O design dos níveis merece igualmente destaque. As áreas são cuidadosamente construídas para integrar os desafios de jogabilidade de forma orgânica. Os obstáculos não parecem artificiais ou colocados apenas para criar dificuldades; fazem parte do funcionamento natural da instalação.
Existem, contudo, algumas limitações. Certas áreas podem parecer excessivamente vazias, especialmente quando comparadas à escala gigantesca do complexo. Em alguns momentos, a percepção de profundidade também pode causar alguma confusão, particularmente durante mudanças entre planos do cenário.
Mesmo assim, o conjunto visual permanece impressionante para uma produção independente. Não surpreende que muitos jogadores apontem precisamente a componente artística como um dos maiores pontos fortes do projecto.

Som
A componente sonora complementa de forma exemplar a atmosfera construída pelos elementos visuais.
Em vez de recorrer constantemente a música épica ou melodias memoráveis, NODE aposta sobretudo na criação de ambientes sonoros densos e inquietantes. O som de maquinaria distante, sistemas eléctricos defeituosos, estruturas metálicas a ranger e ruídos industriais contribui significativamente para a imersão.
O silêncio também desempenha um papel importante.
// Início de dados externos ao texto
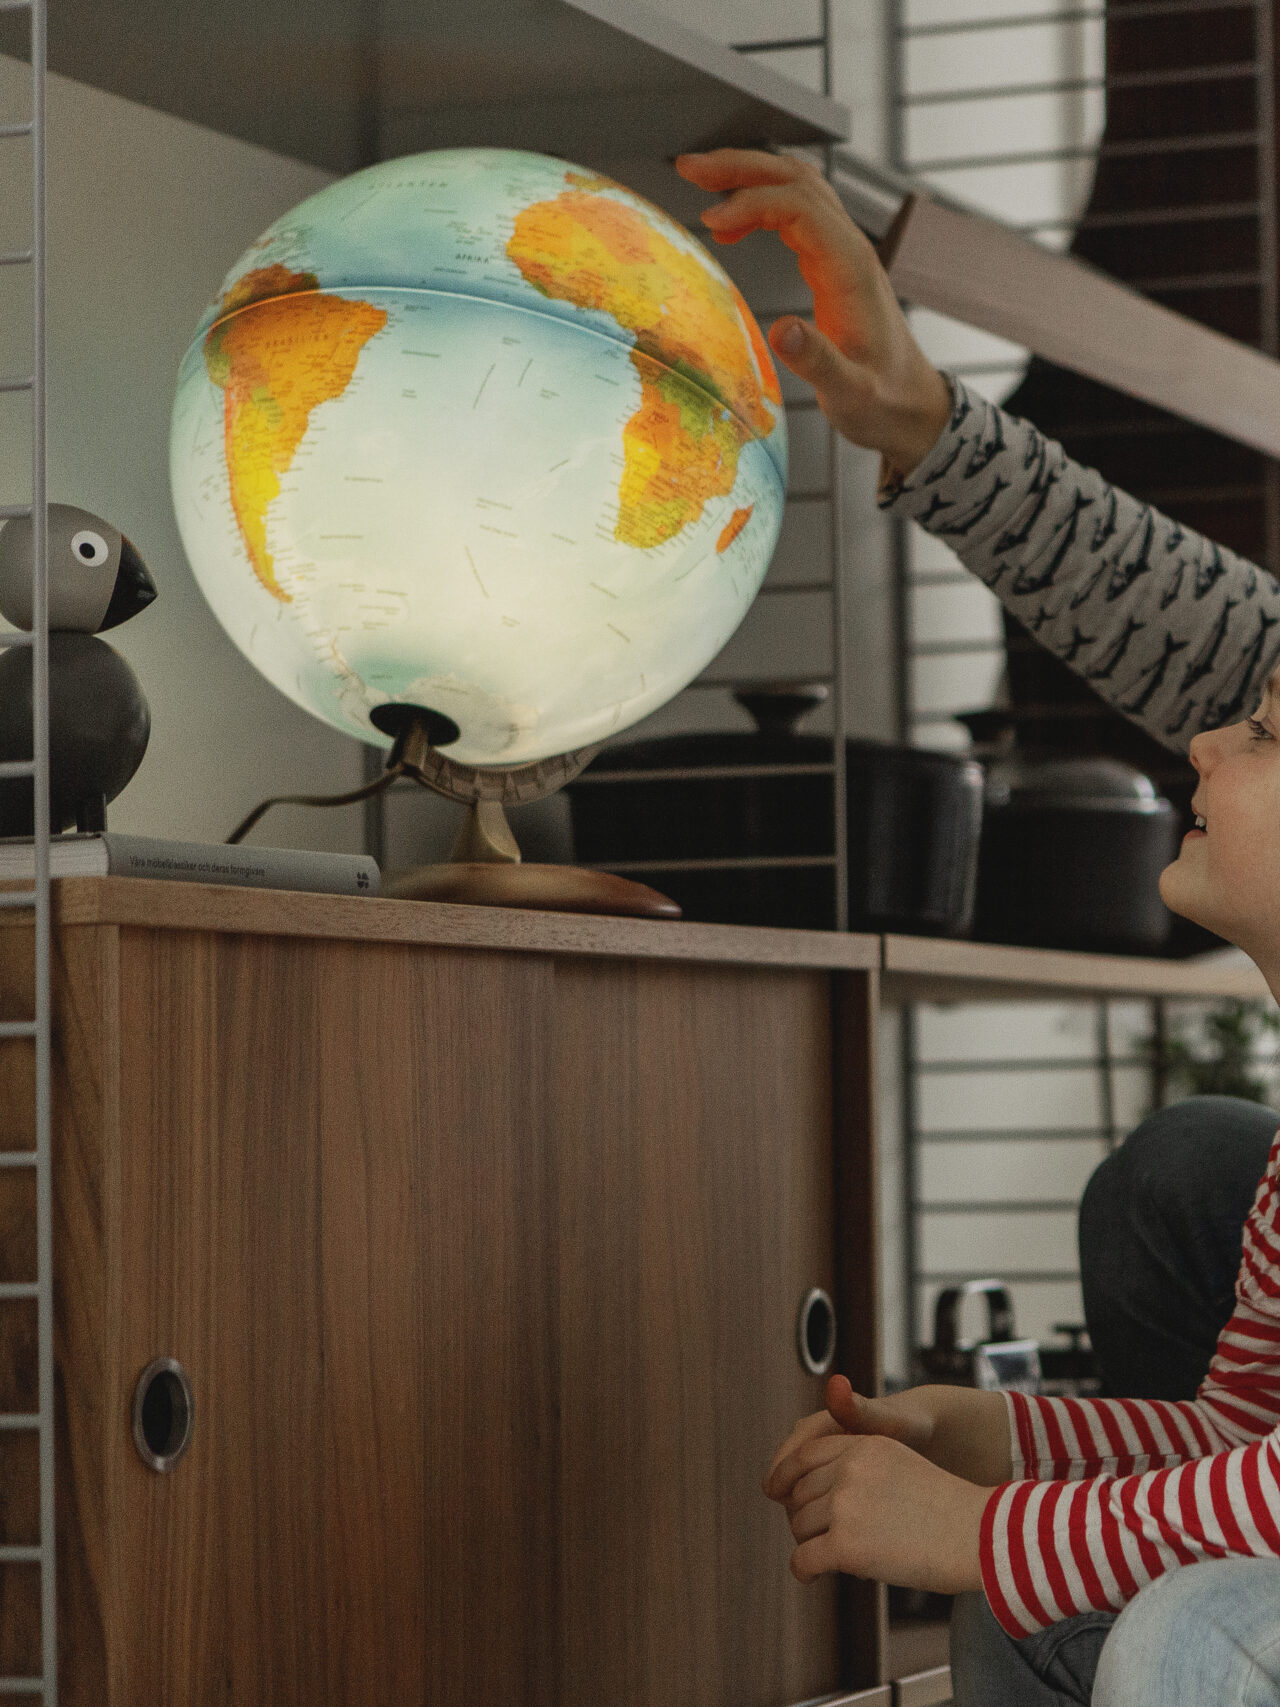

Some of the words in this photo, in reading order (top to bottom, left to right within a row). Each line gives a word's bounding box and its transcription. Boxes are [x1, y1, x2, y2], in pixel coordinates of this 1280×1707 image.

[455, 253, 490, 264] AFRIKA
[198, 862, 210, 872] och
[211, 863, 229, 874] deras
[230, 865, 265, 878] formgivare
Muitos momentos são deliberadamente desprovidos de música, permitindo que o vazio e a solidão do complexo se tornem ainda mais palpáveis. Esta abordagem pode não agradar a todos os jogadores, especialmente aos que preferem bandas sonoras mais presentes, mas encaixa perfeitamente na visão artística do jogo.
Os efeitos sonoros associados às interacções e movimentos do robô são claros e funcionais, fornecendo feedback importante durante a resolução dos quebra-cabeças. Como grande parte da experiência envolve observar sequências programadas, a clareza sonora ajuda a identificar erros e a compreender melhor o comportamento do protagonista.
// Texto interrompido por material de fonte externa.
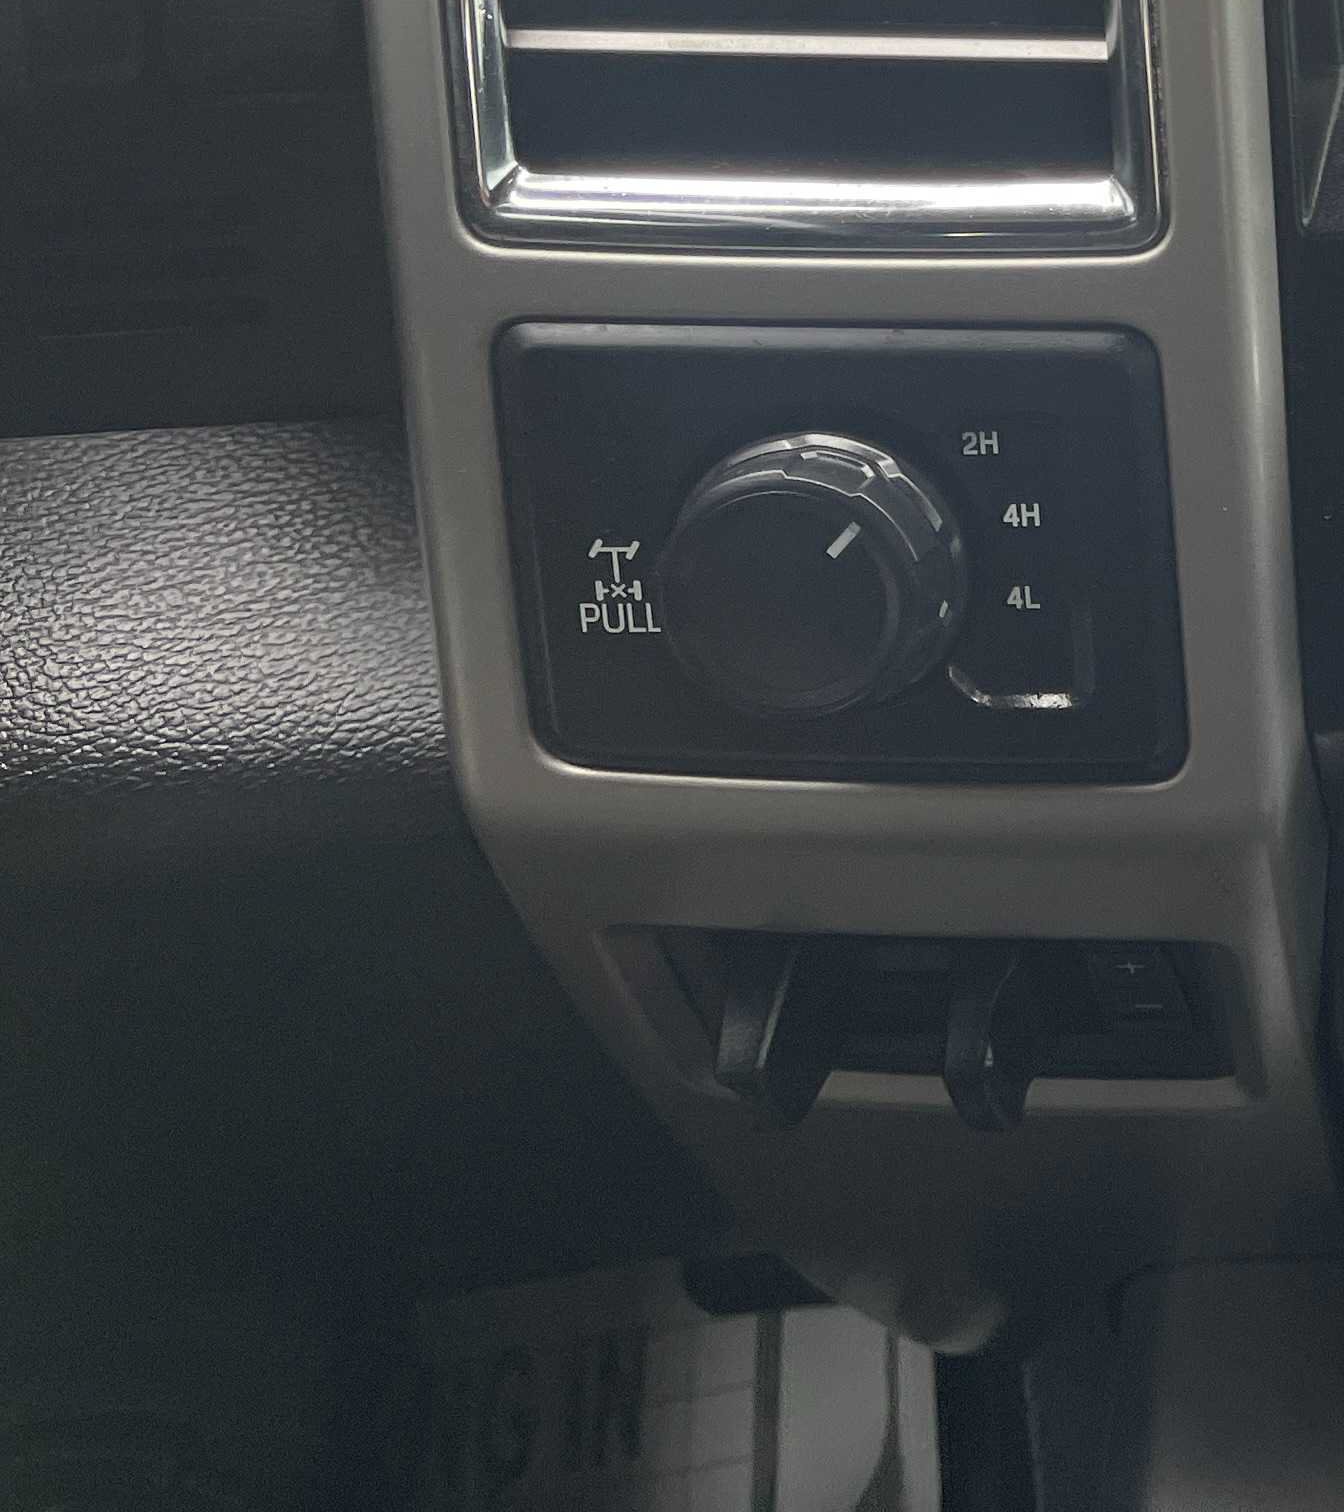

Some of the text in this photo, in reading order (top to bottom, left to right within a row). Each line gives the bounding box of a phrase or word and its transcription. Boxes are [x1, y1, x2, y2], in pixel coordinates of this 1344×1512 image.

Os diálogos também beneficiam de uma boa apresentação, contribuindo para a credibilidade das personagens artificiais que encontramos ao longo da aventura.
No geral, o trabalho sonoro não procura protagonismo, mas desempenha um papel essencial na construção da atmosfera opressiva que define toda a experiência.
Conclusão
NODE é um puzzle-platformer invulgar que arrisca mais do que a maioria dos jogos do género. A sua mecânica baseada em programação temporal oferece uma abordagem genuinamente original à resolução de quebra-cabeças, obrigando os jogadores a pensar de forma diferente e recompensando a persistência com momentos extremamente satisfatórios.
A atmosfera do complexo nuclear soviético é excelente, a direcção artística revela grande qualidade e a narrativa apresenta ideias interessantes sobre inteligência artificial, consciência e livre-arbítrio. Embora algumas linhas narrativas possam parecer incompletas e certos puzzles se tornem excessivamente dependentes de tentativa e erro, o conjunto mantém-se suficientemente forte para compensar essas limitações.
Não será uma experiência para todos. Quem procura acção constante ou progressão rápida poderá sentir-se frustrado pela natureza metódica dos desafios. No entanto, para os fãs de quebra-cabeças exigentes, exploração ambiental e ficção científica atmosférica, NODE oferece uma aventura memorável e diferente de praticamente tudo o que existe actualmente no mercado.
Num género frequentemente dominado por fórmulas já conhecidas, NODE destaca-se precisamente por ter coragem de experimentar algo novo. E mesmo quando nem todas as suas ideias atingem o potencial máximo, o resultado final merece reconhecimento pela originalidade, ambição e personalidade que demonstra ao longo de toda a jornada.